Segment Start: Listed entries

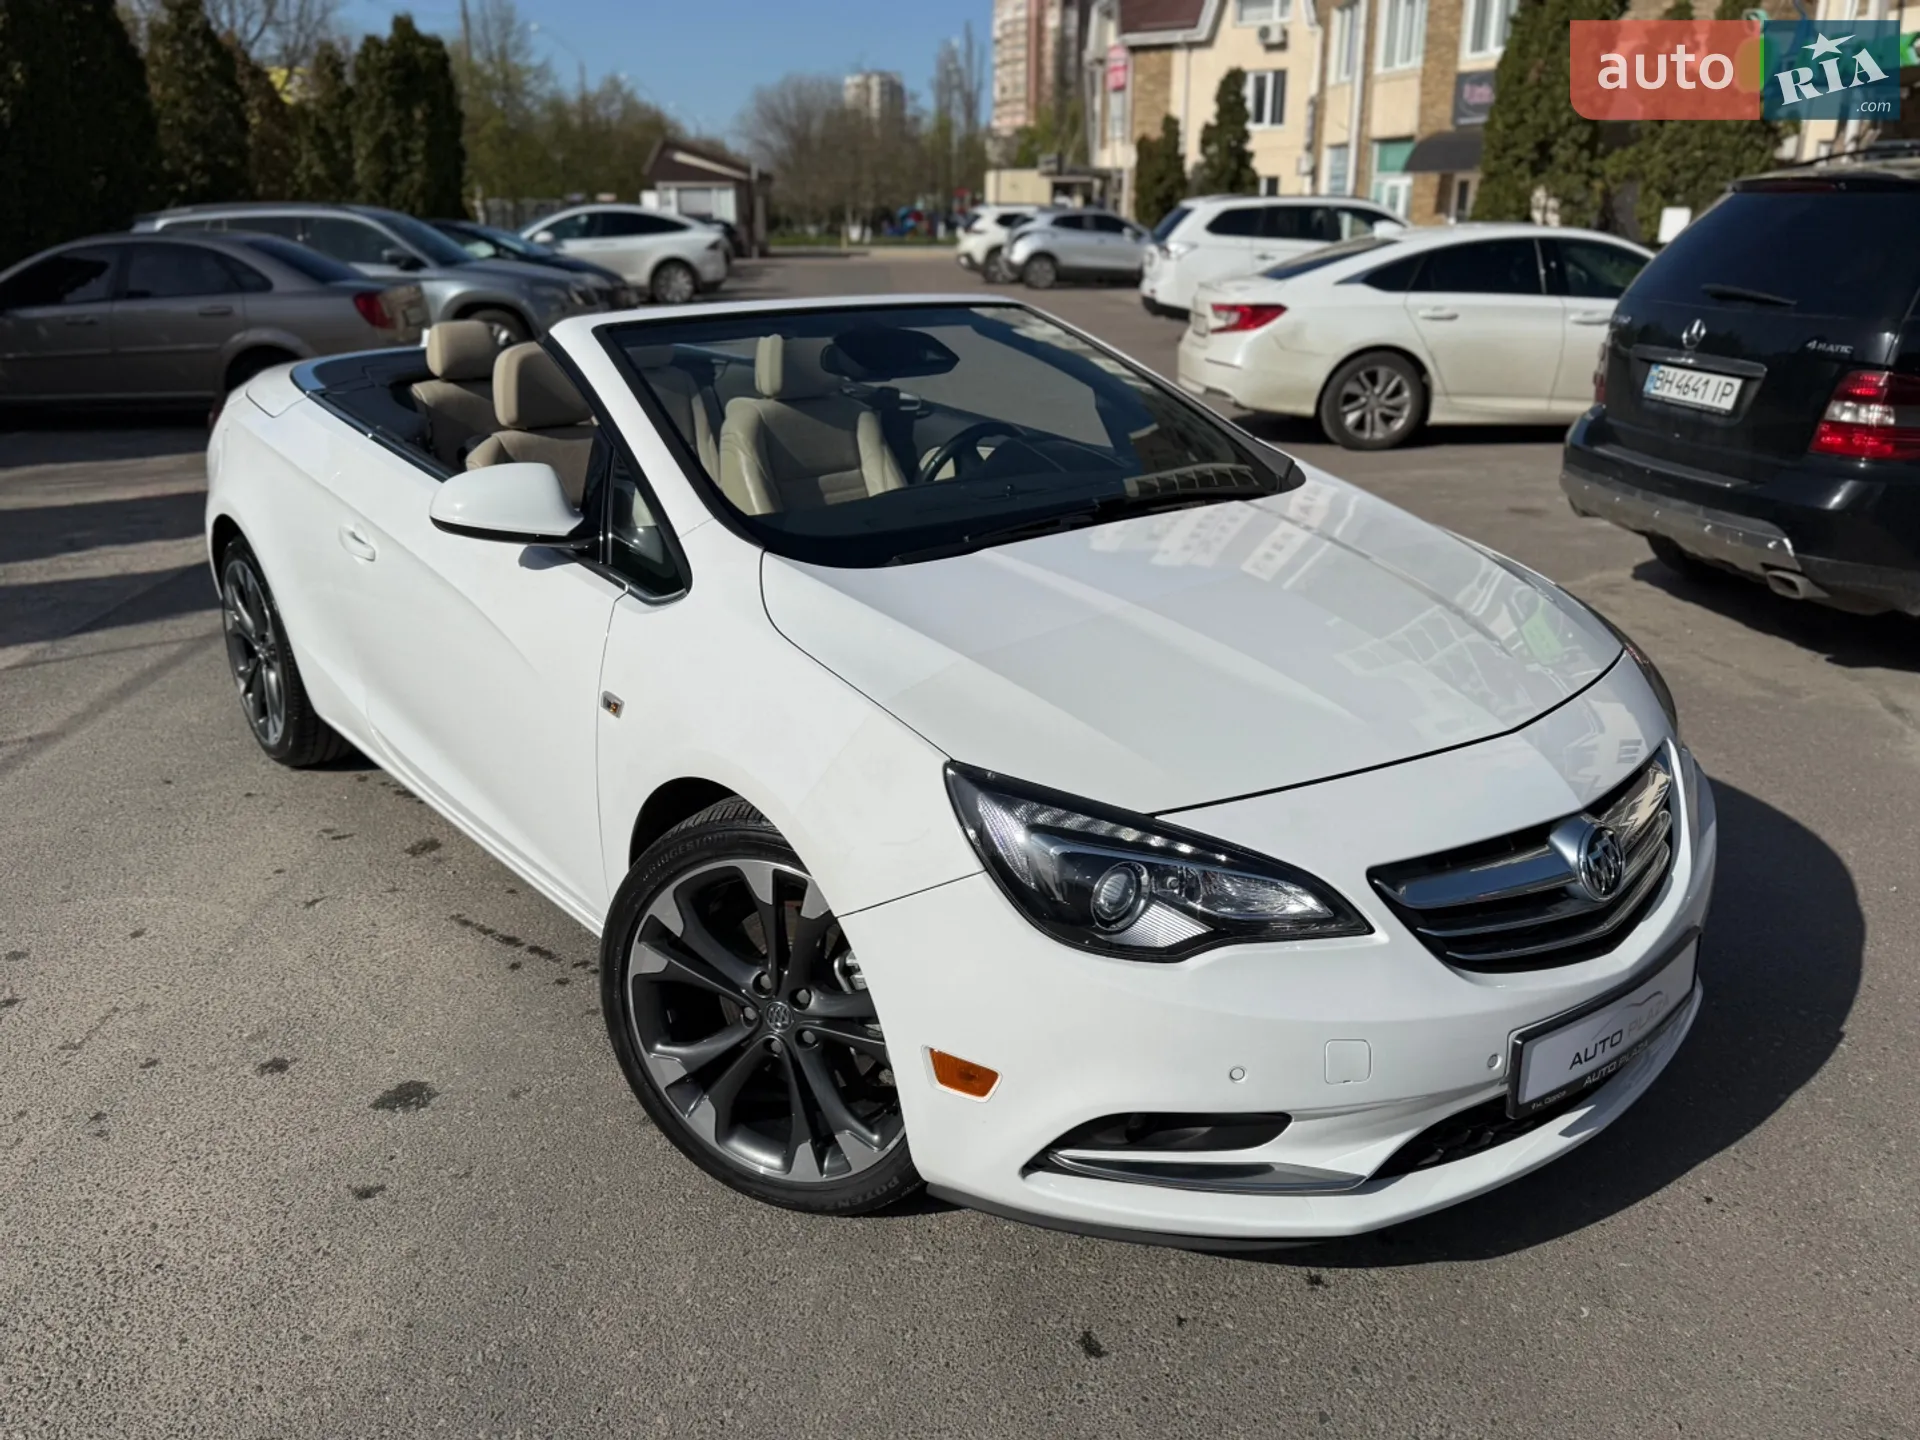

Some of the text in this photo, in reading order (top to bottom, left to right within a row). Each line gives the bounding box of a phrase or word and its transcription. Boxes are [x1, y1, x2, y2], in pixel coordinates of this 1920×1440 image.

[1711, 381, 1736, 405] IP
[1568, 1028, 1624, 1071] AUTO
[1583, 1061, 1617, 1088] AUTO
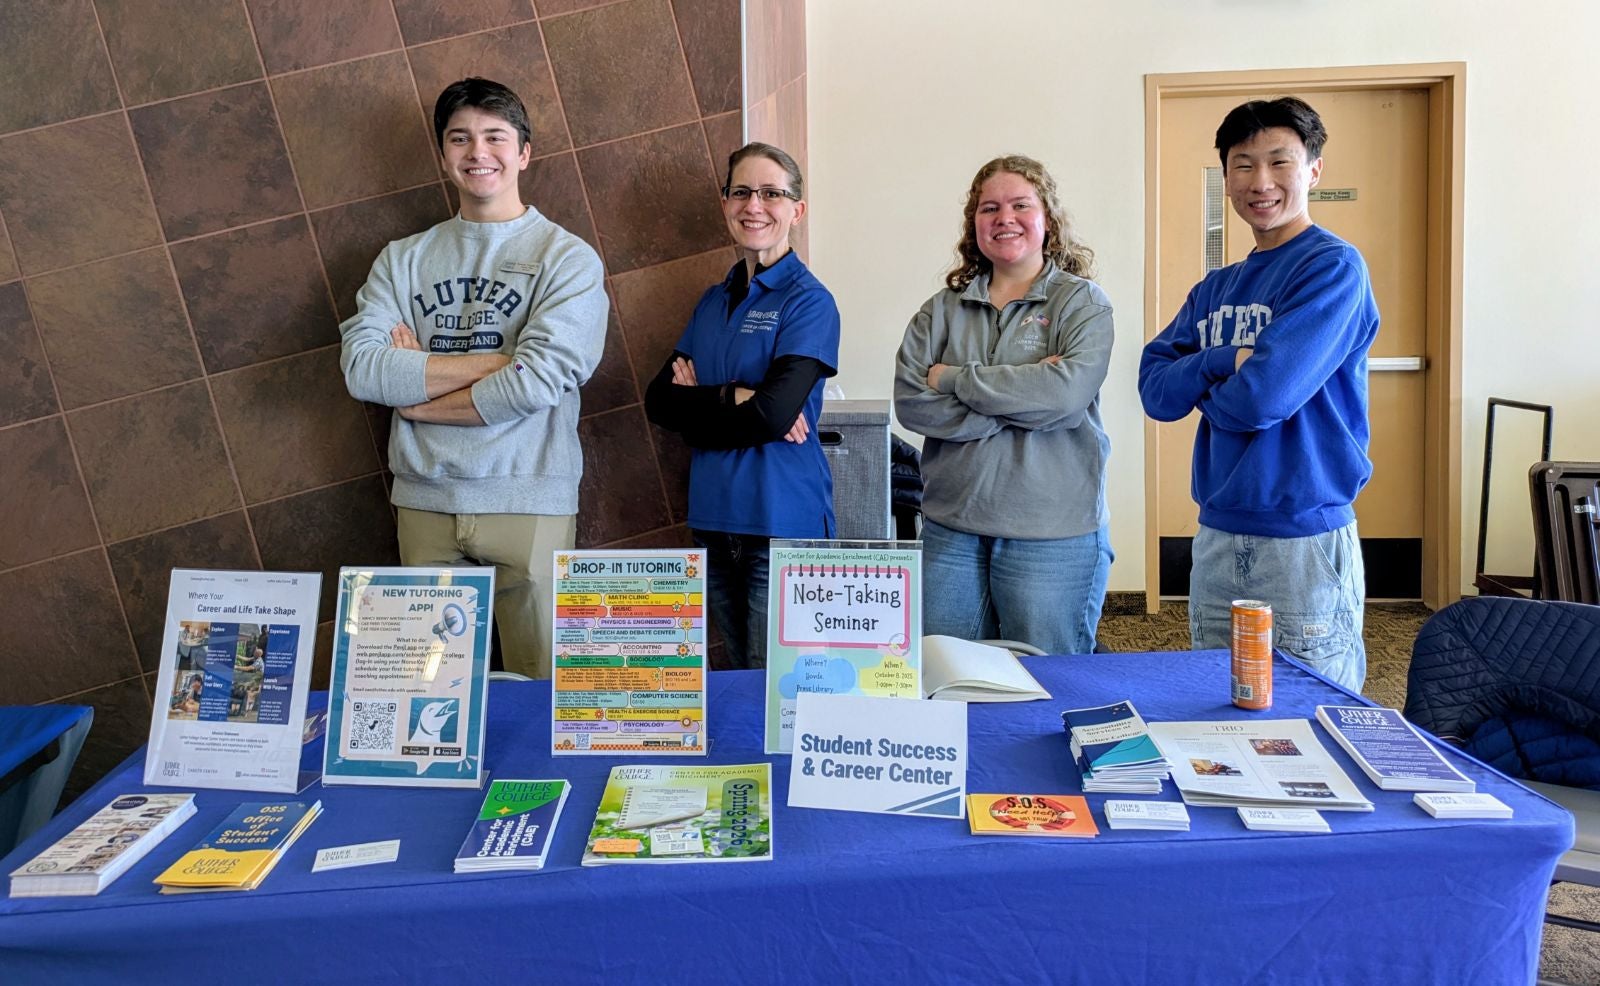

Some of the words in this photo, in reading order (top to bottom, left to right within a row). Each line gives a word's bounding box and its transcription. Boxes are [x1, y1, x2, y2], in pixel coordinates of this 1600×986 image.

[573, 562, 623, 574] DROP-IN
[626, 562, 681, 573] TUTORING
[188, 592, 208, 600] Where
[382, 589, 406, 597] NEW
[409, 589, 463, 598] TUTORING
[794, 583, 900, 608] Note-Taking
[197, 604, 222, 613] Career
[238, 606, 252, 614] Life
[255, 606, 272, 614] Take
[273, 607, 296, 617] Shape
[814, 612, 879, 632] Seminar
[804, 659, 827, 667] Where?
[812, 685, 834, 693] Library
[1338, 709, 1386, 719] LUTHER
[1341, 717, 1390, 726] COLLEGE
[801, 734, 872, 756] Student
[878, 738, 957, 761] Success
[802, 757, 815, 776] &
[821, 759, 884, 780] Career
[889, 763, 952, 785] Center
[502, 782, 552, 792] LUTHER
[494, 792, 550, 802] COLLEGE
[727, 784, 753, 816] Spring
[1007, 797, 1053, 809] S.O.S.
[221, 828, 279, 837] Student
[477, 831, 497, 856] Center
[490, 819, 503, 830] for
[490, 820, 515, 856] Academic
[503, 814, 530, 856] Enrichment
[521, 825, 540, 846] (CAE)
[731, 818, 753, 846] 2026
[194, 858, 240, 867] LUTHER
[183, 866, 232, 875] COLLEGE

Segment End: Listed entries

**Activity**: Reproduce the data above in full, exactly as it is, with the pictures left out.

**Answer box**:
Some of the text in this photo, in reading order (top to bottom, left to right within a row). Each line gives the bounding box of a phrase or word and its transcription. Boxes are [x1, y1, x2, y2], in pixel coordinates of this 1920×1440 image.

[1711, 381, 1736, 405] IP
[1568, 1028, 1624, 1071] AUTO
[1583, 1061, 1617, 1088] AUTO

Some of the words in this photo, in reading order (top to bottom, left to right within a row). Each line gives a word's bounding box and its transcription. Boxes are [x1, y1, x2, y2], in pixel coordinates of this 1600×986 image.

[573, 562, 623, 574] DROP-IN
[626, 562, 681, 573] TUTORING
[188, 592, 208, 600] Where
[382, 589, 406, 597] NEW
[409, 589, 463, 598] TUTORING
[794, 583, 900, 608] Note-Taking
[197, 604, 222, 613] Career
[238, 606, 252, 614] Life
[255, 606, 272, 614] Take
[273, 607, 296, 617] Shape
[814, 612, 879, 632] Seminar
[804, 659, 827, 667] Where?
[812, 685, 834, 693] Library
[1338, 709, 1386, 719] LUTHER
[1341, 717, 1390, 726] COLLEGE
[801, 734, 872, 756] Student
[878, 738, 957, 761] Success
[802, 757, 815, 776] &
[821, 759, 884, 780] Career
[889, 763, 952, 785] Center
[502, 782, 552, 792] LUTHER
[494, 792, 550, 802] COLLEGE
[727, 784, 753, 816] Spring
[1007, 797, 1053, 809] S.O.S.
[221, 828, 279, 837] Student
[477, 831, 497, 856] Center
[490, 819, 503, 830] for
[490, 820, 515, 856] Academic
[503, 814, 530, 856] Enrichment
[521, 825, 540, 846] (CAE)
[731, 818, 753, 846] 2026
[194, 858, 240, 867] LUTHER
[183, 866, 232, 875] COLLEGE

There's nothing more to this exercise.